The 1910 All-America college football team is composed of college football players who were selected as All-Americans for the 1910 college football season. The only selector for the 1910 season who has been recognized as "official" by the National Collegiate Athletic Association (NCAA) is Walter Camp. Many other sports writers, newspapers, coaches and others also selected All-America teams in 1910. The magazine Leslie's Weekly attempted to develop a consensus All-American by polling 16 football experts and aggregating their votes. Others who selected All-Americans in 1910 include The New York Times, The New York Sun, and sports writer Wilton S. Farnsworth of the New York Evening Journal.

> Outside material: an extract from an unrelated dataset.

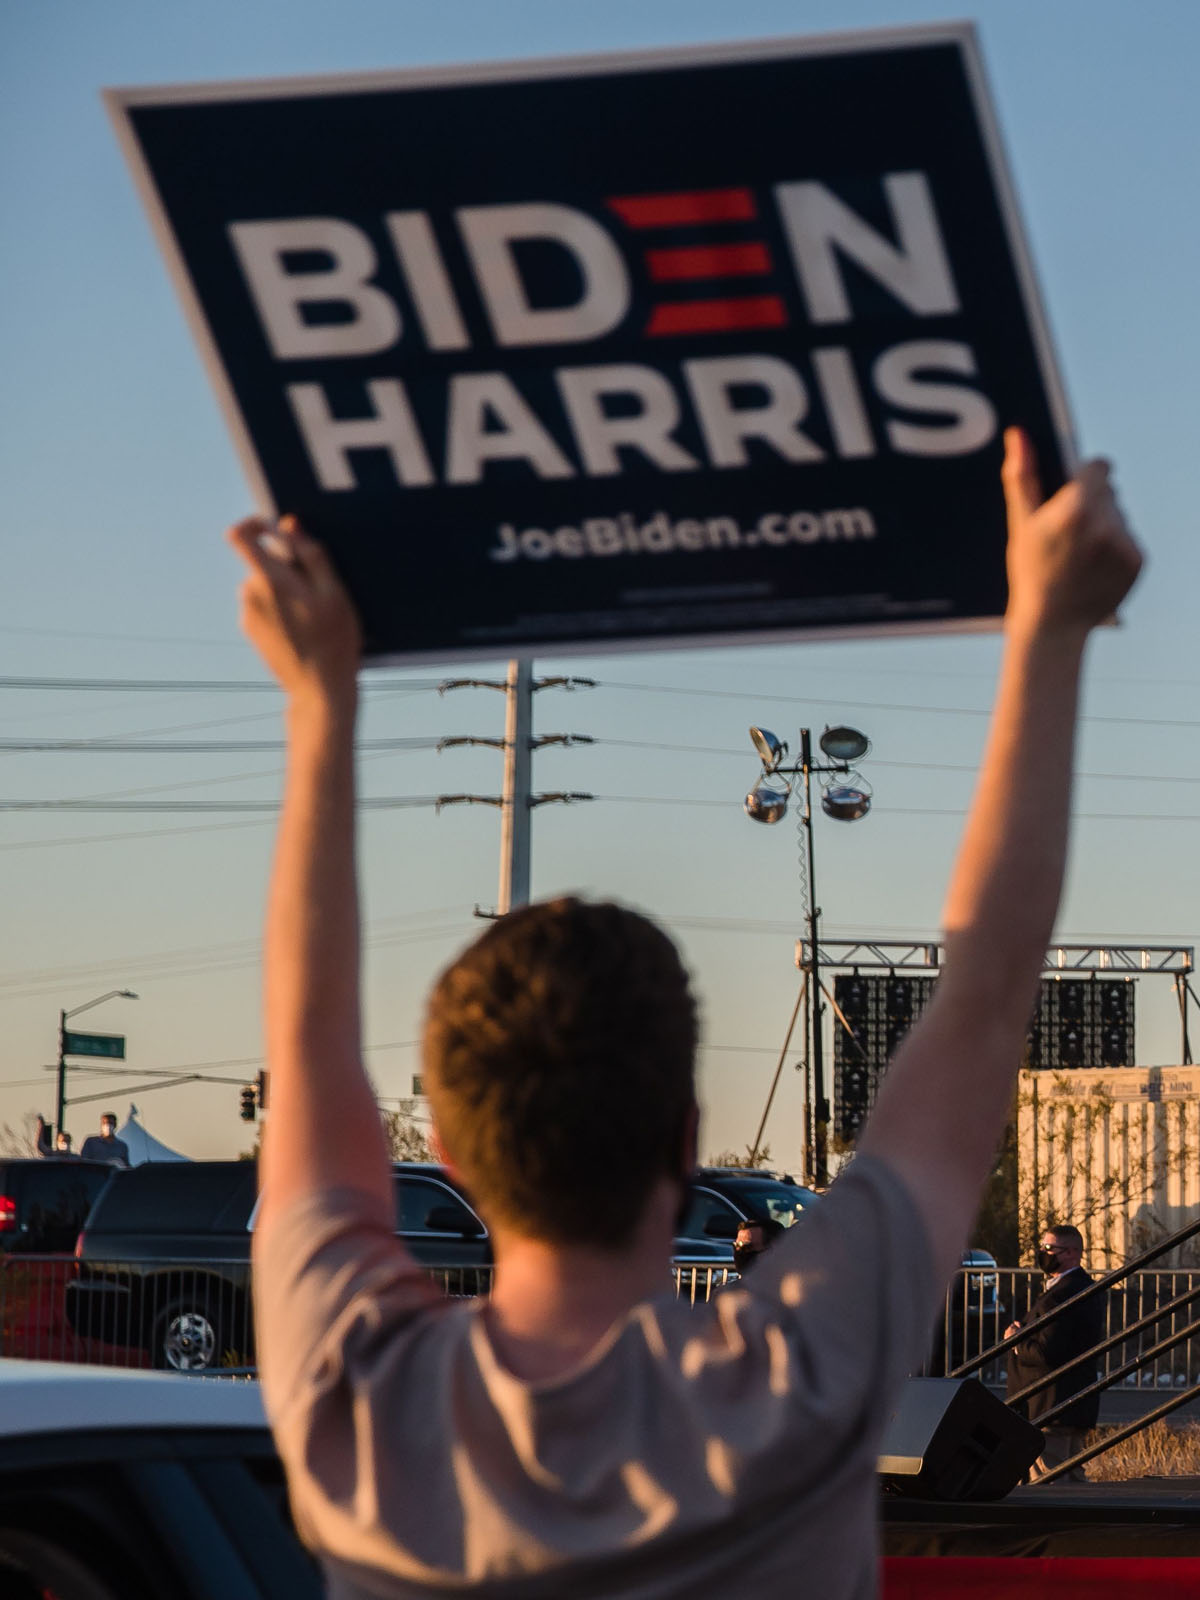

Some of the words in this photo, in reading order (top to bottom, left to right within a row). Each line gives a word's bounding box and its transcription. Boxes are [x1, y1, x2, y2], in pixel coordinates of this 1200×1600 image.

The 1910 Harvard Crimson football team compiled a record of 9–0–1 and outscored opponents 161 to 5. Harvard allowed only one team to score a point and played Yale to a 0–0 tie. A total of eight Harvard players were named first-team All-Americans by at least one selector. They are Hamilton Corbett, Robert Fisher, Richard Plimpton Lewis, Robert Gordon McKay, Wayland Minot, Lawrence Dunlap Smith, Percy Wendell, and Lothrop "Ted" Withington.

Only three players from schools outside of the Ivy League were selected as consensus first-team All-Americans. They are Albert Benbrook and Stanfield Wells from Michigan and James Walker of Minnesota.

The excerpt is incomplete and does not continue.